Your objective:
Every record is to be printed exactly as written; pictures are to be omitted.

Referring expression grounding data:
[Start of section]
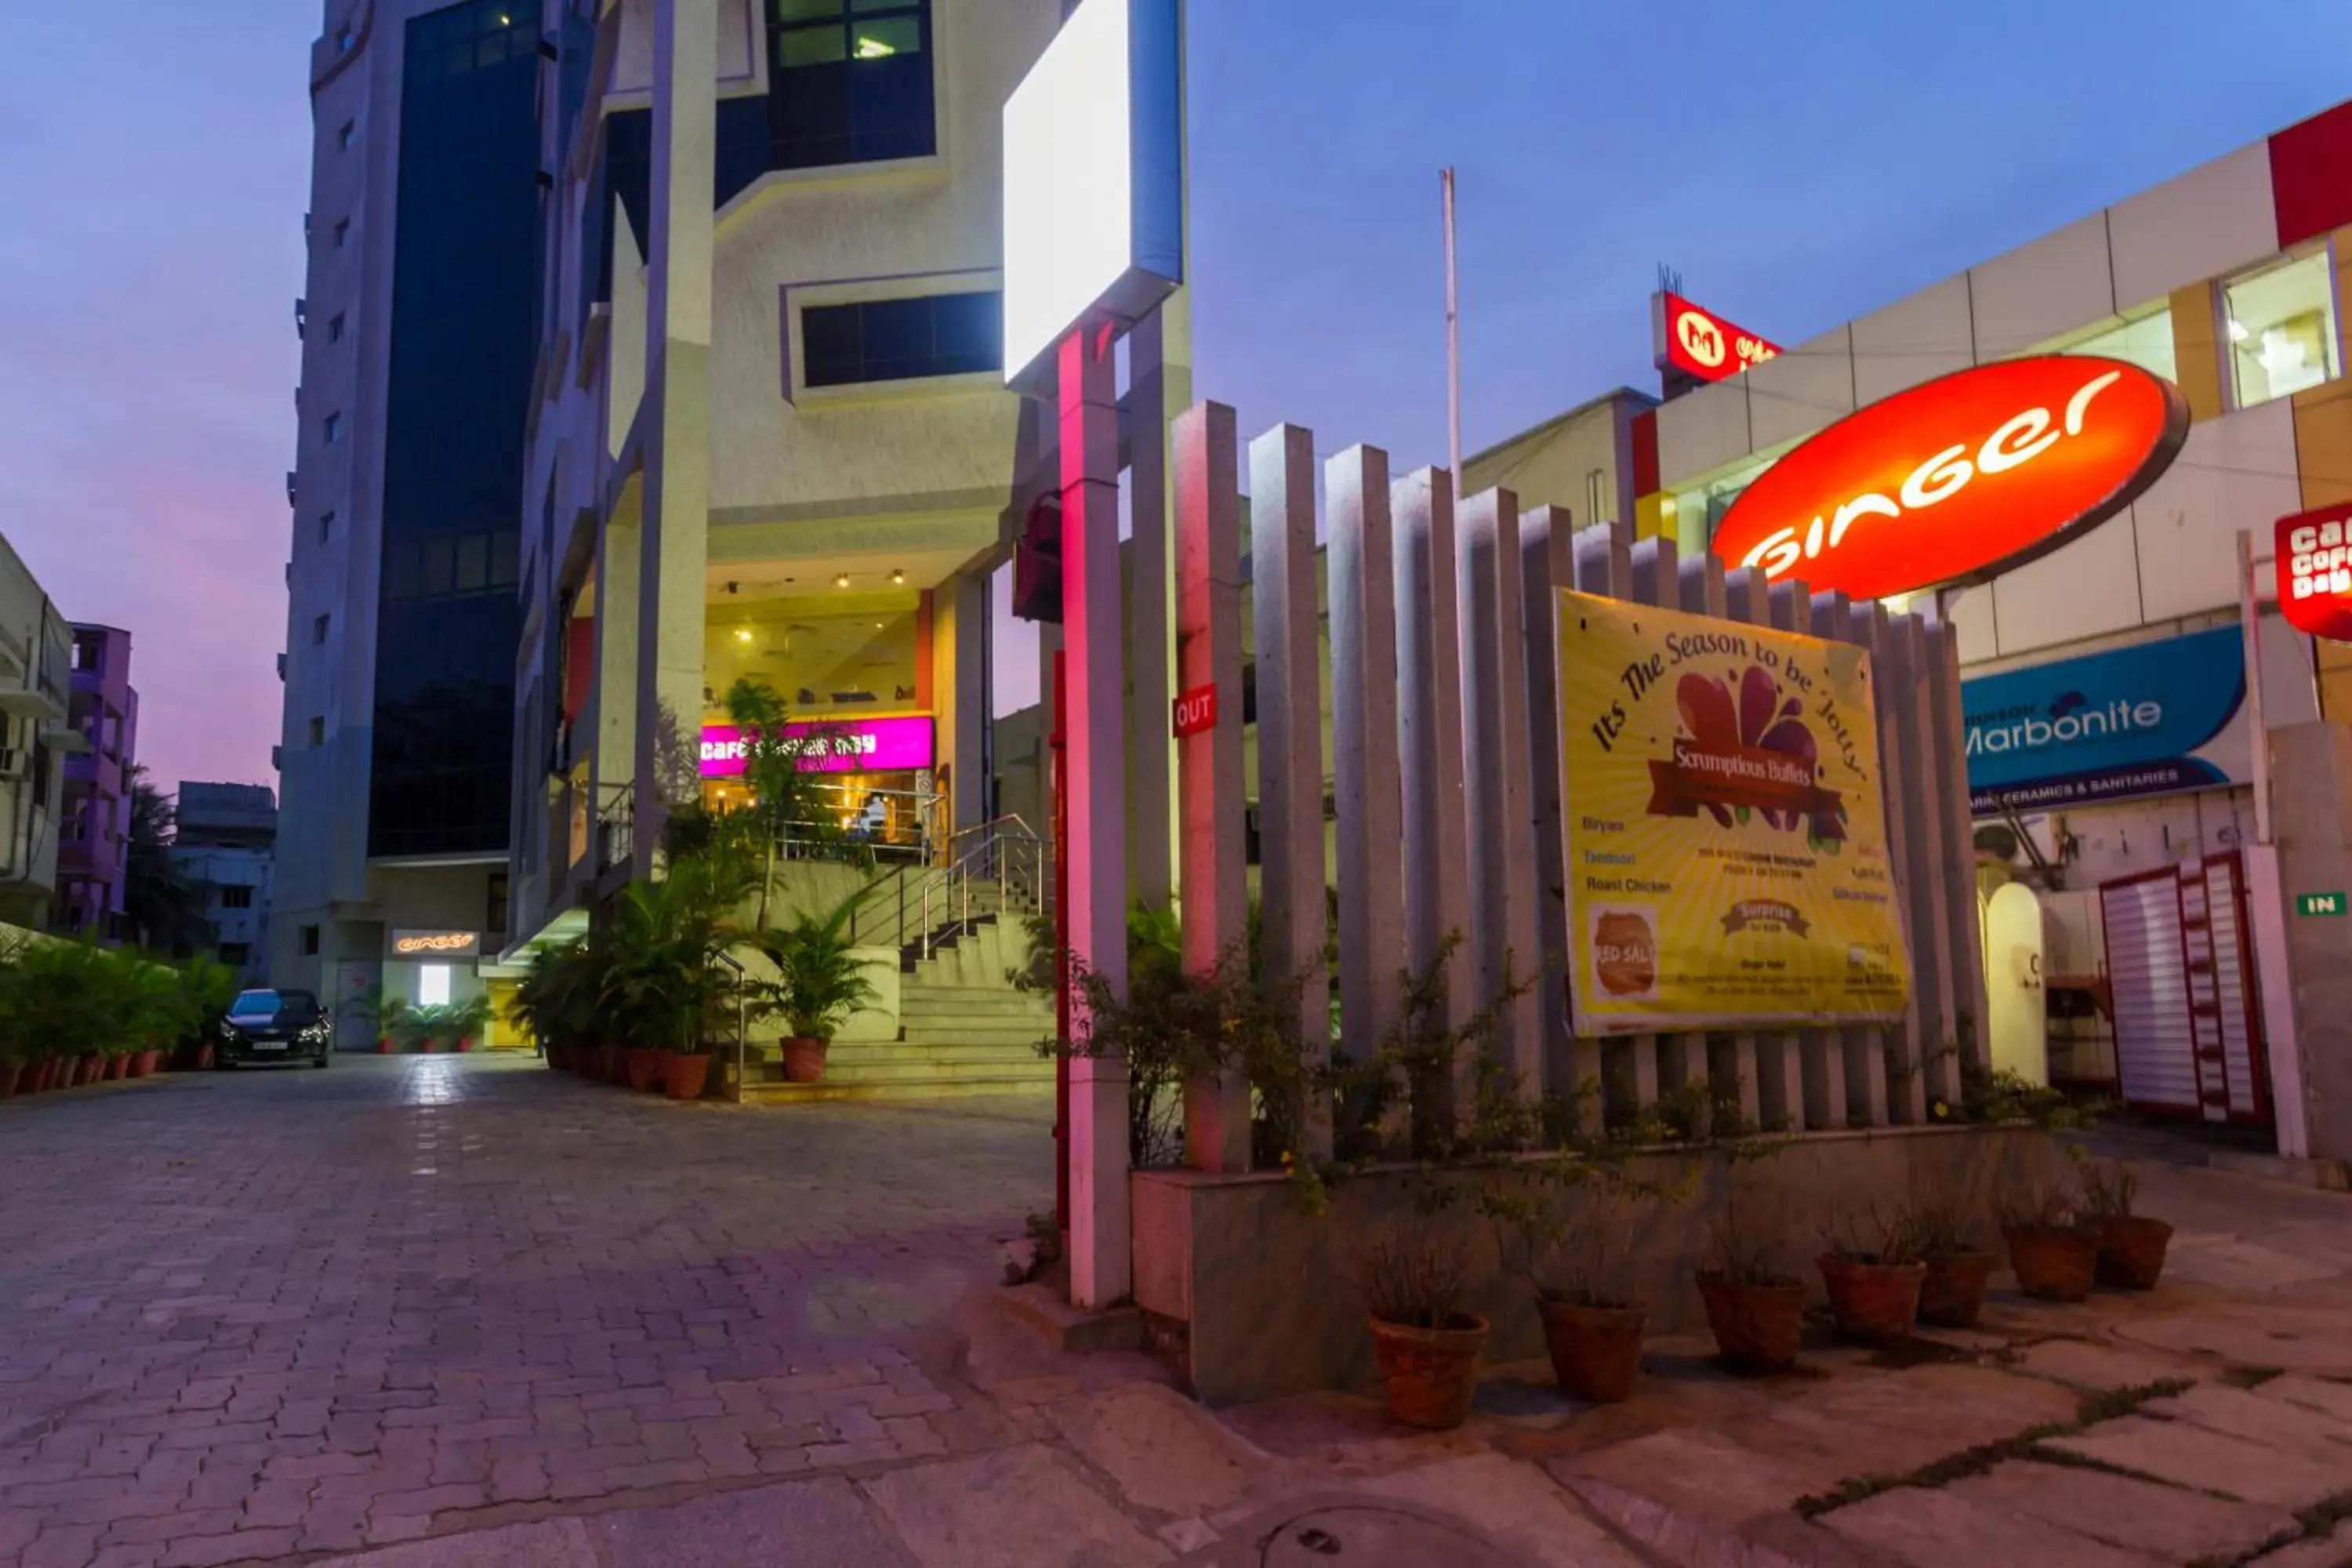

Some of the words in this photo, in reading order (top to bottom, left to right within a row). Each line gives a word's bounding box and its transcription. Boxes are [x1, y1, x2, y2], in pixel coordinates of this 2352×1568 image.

[1621, 652, 1665, 702] The
[1665, 631, 1748, 665] Season
[1754, 643, 1779, 668] to
[1784, 655, 1813, 695] be
[1176, 694, 1211, 728] OUT
[1675, 745, 1766, 780] Scrumptious
[1766, 759, 1812, 786] Buffets
[2077, 782, 2088, 794] &
[2090, 768, 2180, 793] SANITARIES
[1587, 876, 1622, 892] Roast
[1625, 877, 1673, 895] Chicken
[2308, 896, 2336, 913] IN
[End of section]
Task result:
Some of the words in this photo, in reading order (top to bottom, left to right within a row). Each line gives a word's bounding box and its transcription. Boxes are [x1, y1, x2, y2], in pixel coordinates of this 2352×1568 image.

[1621, 652, 1665, 702] The
[1665, 631, 1748, 665] Season
[1754, 643, 1779, 668] to
[1784, 655, 1813, 695] be
[1176, 694, 1211, 728] OUT
[1675, 745, 1766, 780] Scrumptious
[1766, 759, 1812, 786] Buffets
[2077, 782, 2088, 794] &
[2090, 768, 2180, 793] SANITARIES
[1587, 876, 1622, 892] Roast
[1625, 877, 1673, 895] Chicken
[2308, 896, 2336, 913] IN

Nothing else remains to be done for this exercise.